= Victor-American Fuel Company =

Former coal mining company

Victor-American Fuel Company, also styled as the Victor Fuel Company, was a coal mining company, primarily focused on operations in the US states of Colorado and New Mexico during the first half of the 20th century. Prior to a 1909 reorganization, the business was known as the American Fuel Company.

==Company history==
Company president John C. Osgood took the lead of the company in 1903 after being forced out of another company he had founded, Colorado Fuel and Iron Company, by future part-owner John D. Rockefeller. Behind the Colorado Fuel and Iron Company, the Victor-American Fuel Company was the second-largest coal company in the state–and the wealthiest owned by Coloradans–during the first decades of the 20th century. During the 1913-1914 Colorado Coalfield War, strikebreakers and mine guards working for Victor-American that had been hired in response to the United Mine Workers of America-led labor uprising were targeted in attacks.

==Operations==
Like other Colorado coal mining companies of the era, Victor-American operated company-owned mining towns that housed its workers across many sites. Victor-American acquired mining sites throughout Colorado, establishing towns to support operations. These mines include Bowen, Chandler, Delagua, Hastings, Pinnacle Mine in the Oak Creek fields, and Wadge Mine. Some of these mines were home to significant Asian-American populations, which occasionally were utilized as strikebreakers against collectivizing White miners, especially at Chandler.

By 1987, Victor-American had registered itself as a corporation in Maine.

==List of mining disasters==
At the Bowen Mine near Trinidad, Colorado, an explosion of dust ignited by giant powder on 7 August 1902 killed 13 people.

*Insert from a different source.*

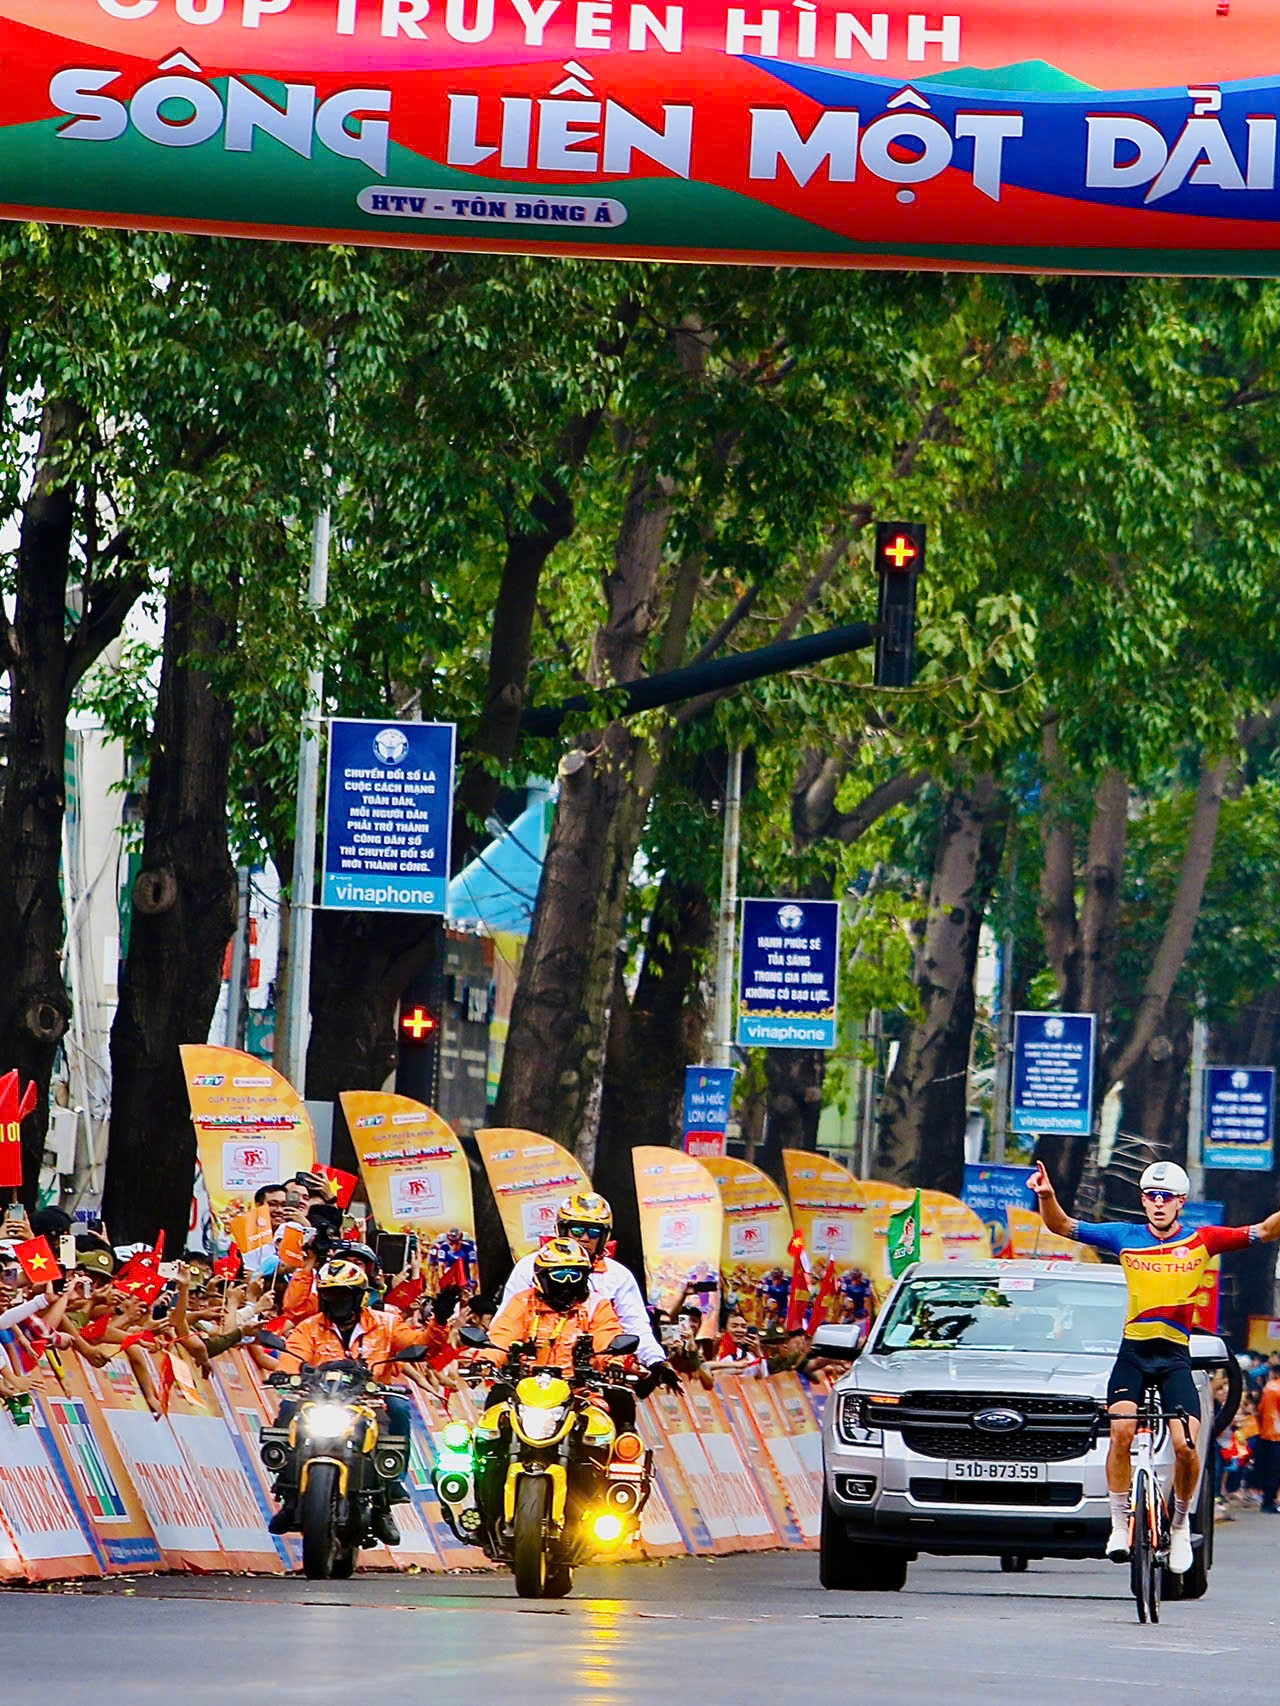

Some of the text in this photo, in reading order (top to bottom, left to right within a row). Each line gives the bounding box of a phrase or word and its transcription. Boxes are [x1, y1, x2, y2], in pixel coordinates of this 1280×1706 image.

On 8 November 1910, at Delagua, an explosion at the Victor-American coal mine killed 76 miners. A group of recovery parties were gathered from the nearby mining communities at Hastings, Berwind, and others. Miners from Primero and Starkville, both CF&I towns that had suffered a major disaster earlier that year (the latter exactly a month earlier), rushed to send help.

The Hastings Mine Disaster took place on 27 April 1917, killing 121 miners at the Victor-American mine. The Hastings mine was not far from Ludlow, site of the Ludlow Massacre, the most violent point in the 1913-1914 Colorado Coalfield War that saw some Victor-American property damaged by armed striking miners.

At Delagua on 27 May 1927, six miners were killed in an explosion of the No. 3 shaft, the same shaft that had collapsed in 1910.

On 27 January 1942, 34 miners were killed at the Victor-American Wadge Mine on Mount Harris in Routt County.